Wikileaks founder Julian Assange's seven years of tenure ended abruptly on Thursday following his arrest at the Ecuadoran Embassy in London. But what will happen to his cat? Where will she go? It is reported that the furry haired animal was Assange's only companion during his asylum in the Ecuadorian Embassy.
Would the cat's asylum end, too? Or was it just beginning? Would someone adopt it, or would it also face extradition to the United States? Would it fall victim to a vast conspiracy? Did it know too much? -- are some of the questions raised by the social media followers following Julian's arrest.
Putting an end to all the worries, WikiLeaks tweeted footage of Assange's cat watching his owner being arrested.
The caption read: "We can confirm that Assange's cat is safe. Assange asked his lawyers to rescue him from embassy threats in mid-October. They will be reunited in freedom. #FreeAssange #NoExtradition".
Earlier, WikiLeaks founder Julian Assange's father on Sunday, April 14 called on Australia to bring his son home, saying he was shocked to see his son's condition after his arrest in London last week.
John Shipton -- who was secretary of the Wikileaks Party when his son tried to run for a senate seat in 2013 national elections -- reportedly visited Assange every Christmas at the Ecuadore embassy in London after he sought refuge there in 2012.
"DFAT (Department of Foreign Affairs) and the prime minister should in a nuanced way do something," Shipton said.
"It can be resolved simply to the satisfaction of all.

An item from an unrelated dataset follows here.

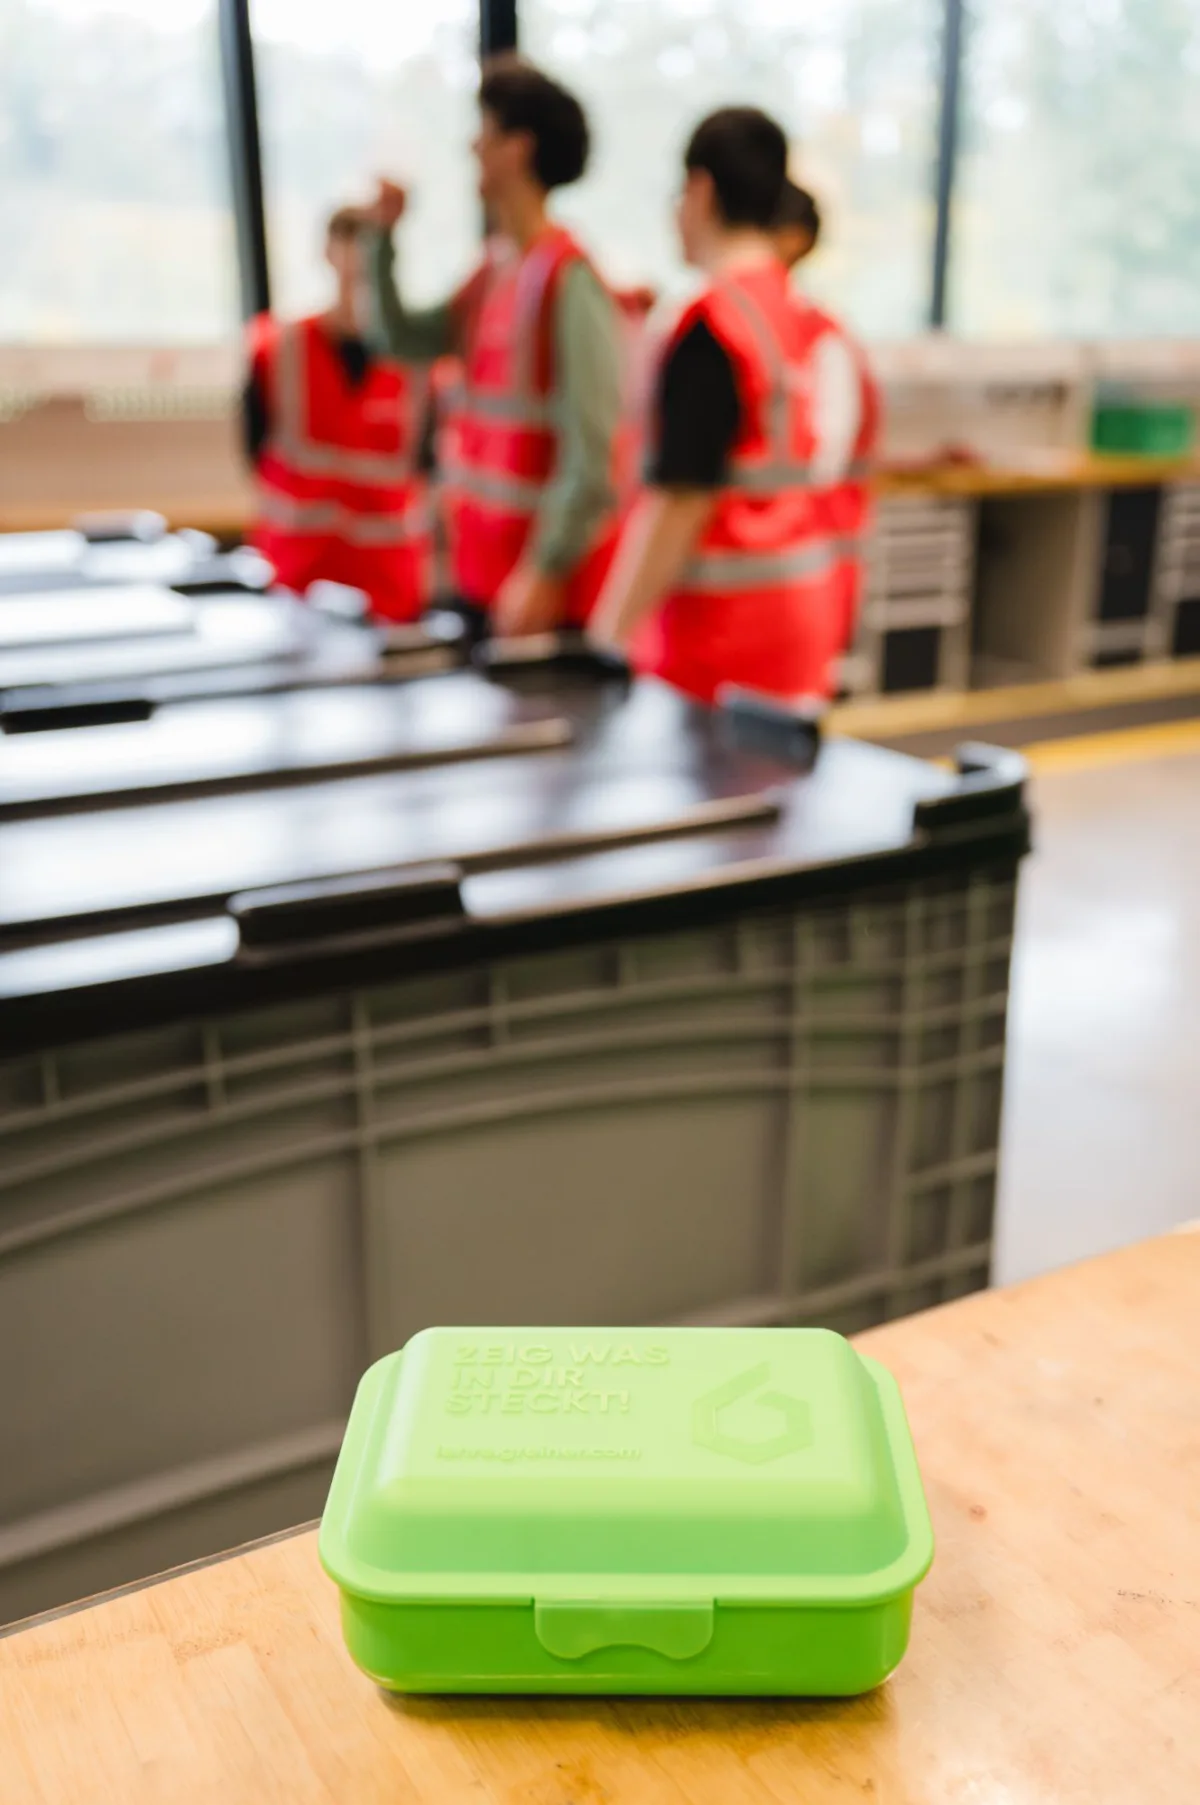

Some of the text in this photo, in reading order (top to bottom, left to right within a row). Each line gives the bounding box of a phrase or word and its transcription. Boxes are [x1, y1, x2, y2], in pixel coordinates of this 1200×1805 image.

There has been some talk in a meeting between a senator and a senior DFAT official to extradite Julian to Australia." Shipton said he was shocked to see the state of his son when he was arrested at the embassy on Thursday on allegations of skipping bail, and on a US extradition warrant related to a huge leak of official documents.
"I saw him, the way they dragged him down the steps, the coppers (police), he didn't look good. I'm 74 and I look better than him and he's 47. It's such a shock," he said.
The 47-year-old Australian had sought refuge in the embassy while on bail awaiting extradition to Sweden to face charges of sexual assault and rape, which he always denied. British lawmakers on Saturday urged their government to prioritise any extradition bid Sweden might make for him over the allegations.
Swedish prosecutors dropped a preliminary investigation into the rape allegation in 2017.